**WHAT TO WORK ON**. Your copy should repeat the data that follows exactly and contain no image.

*** Opening of EXERCISE INPUT ***

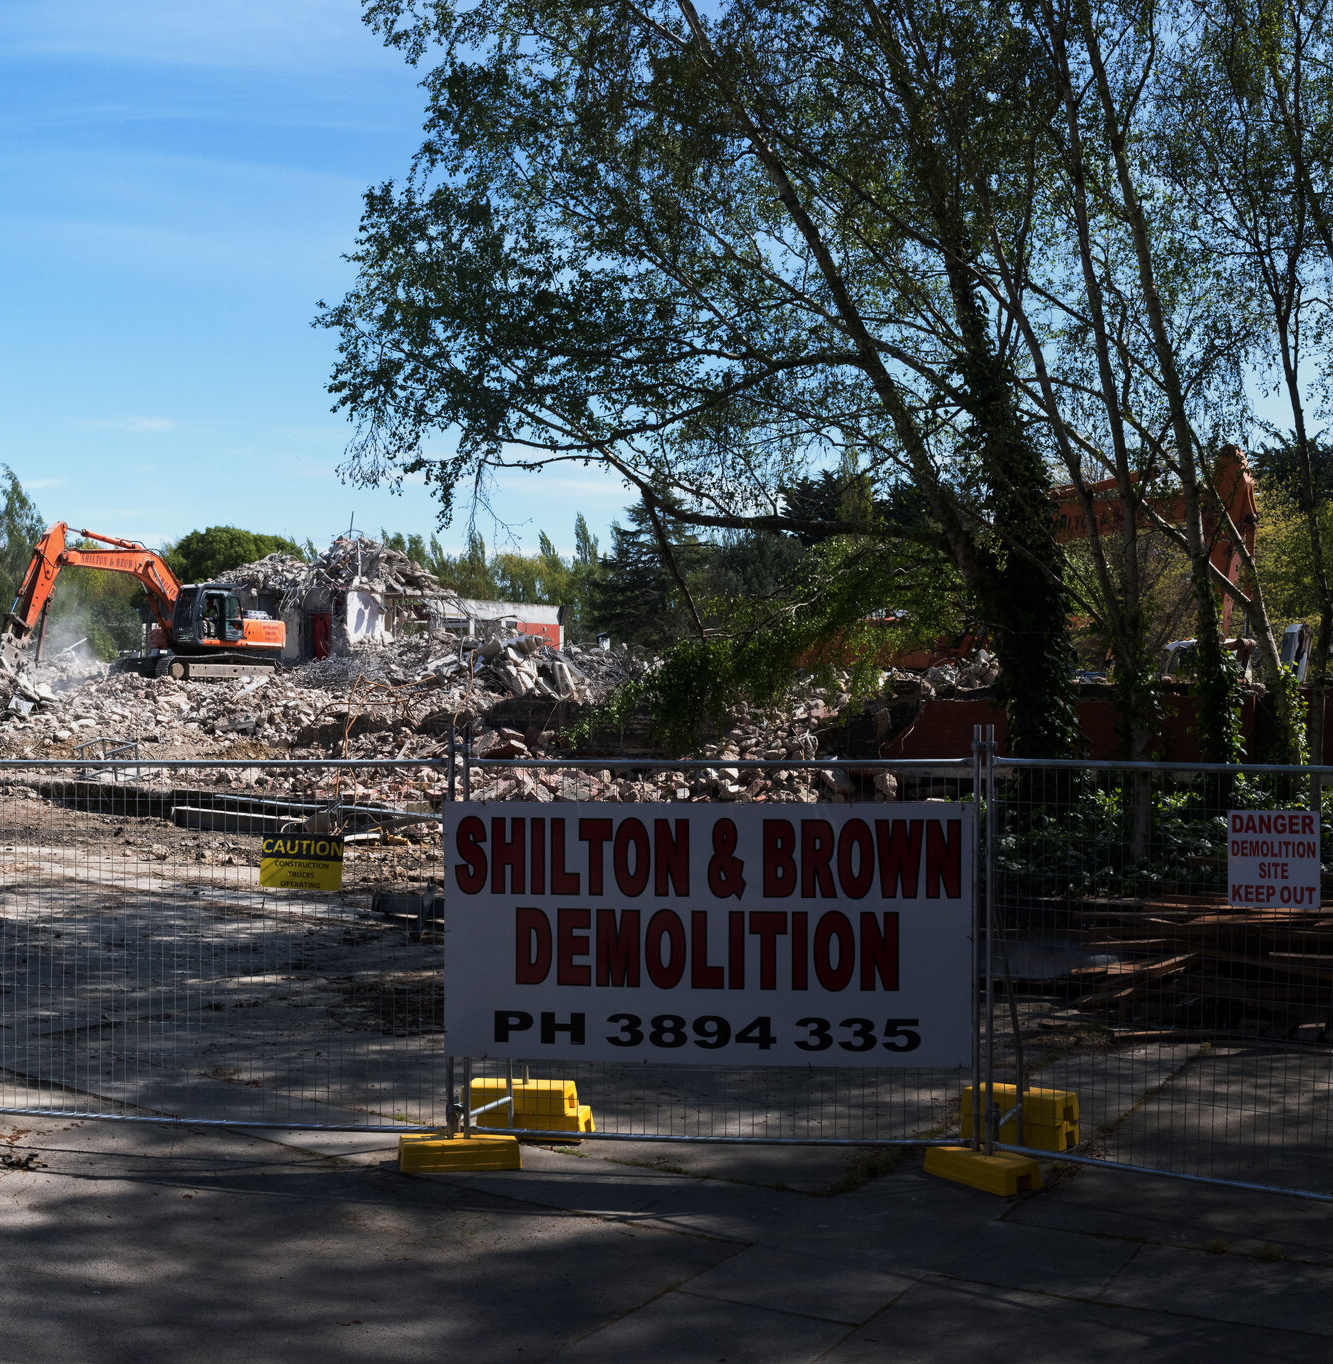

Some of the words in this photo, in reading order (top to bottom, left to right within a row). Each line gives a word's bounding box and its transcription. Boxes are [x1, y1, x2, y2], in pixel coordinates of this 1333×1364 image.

[81, 554, 107, 565] SHILTON
[1232, 814, 1315, 834] DANGER
[263, 839, 343, 857] CAUTION
[1231, 840, 1316, 858] DEMOLITION
[275, 860, 329, 869] CONSTRUCTION
[455, 816, 690, 897] SHILTON
[707, 816, 747, 900] &
[763, 818, 961, 900] BROWN
[288, 871, 315, 879] TRUCKS
[1259, 862, 1289, 879] SITE
[280, 881, 321, 889] OPERATING
[1232, 884, 1276, 903] KEEP
[1280, 886, 1316, 904] OUT
[515, 907, 899, 992] DEMOLITION
[493, 1010, 585, 1045] PH
[605, 1013, 777, 1050] 3894
[794, 1017, 921, 1052] 335

*** Close of EXERCISE INPUT ***

**OUTPUT OF THE TASK**.
Some of the words in this photo, in reading order (top to bottom, left to right within a row). Each line gives a word's bounding box and its transcription. Boxes are [x1, y1, x2, y2], in pixel coordinates of this 1333×1364 image.

[81, 554, 107, 565] SHILTON
[1232, 814, 1315, 834] DANGER
[263, 839, 343, 857] CAUTION
[1231, 840, 1316, 858] DEMOLITION
[275, 860, 329, 869] CONSTRUCTION
[455, 816, 690, 897] SHILTON
[707, 816, 747, 900] &
[763, 818, 961, 900] BROWN
[288, 871, 315, 879] TRUCKS
[1259, 862, 1289, 879] SITE
[280, 881, 321, 889] OPERATING
[1232, 884, 1276, 903] KEEP
[1280, 886, 1316, 904] OUT
[515, 907, 899, 992] DEMOLITION
[493, 1010, 585, 1045] PH
[605, 1013, 777, 1050] 3894
[794, 1017, 921, 1052] 335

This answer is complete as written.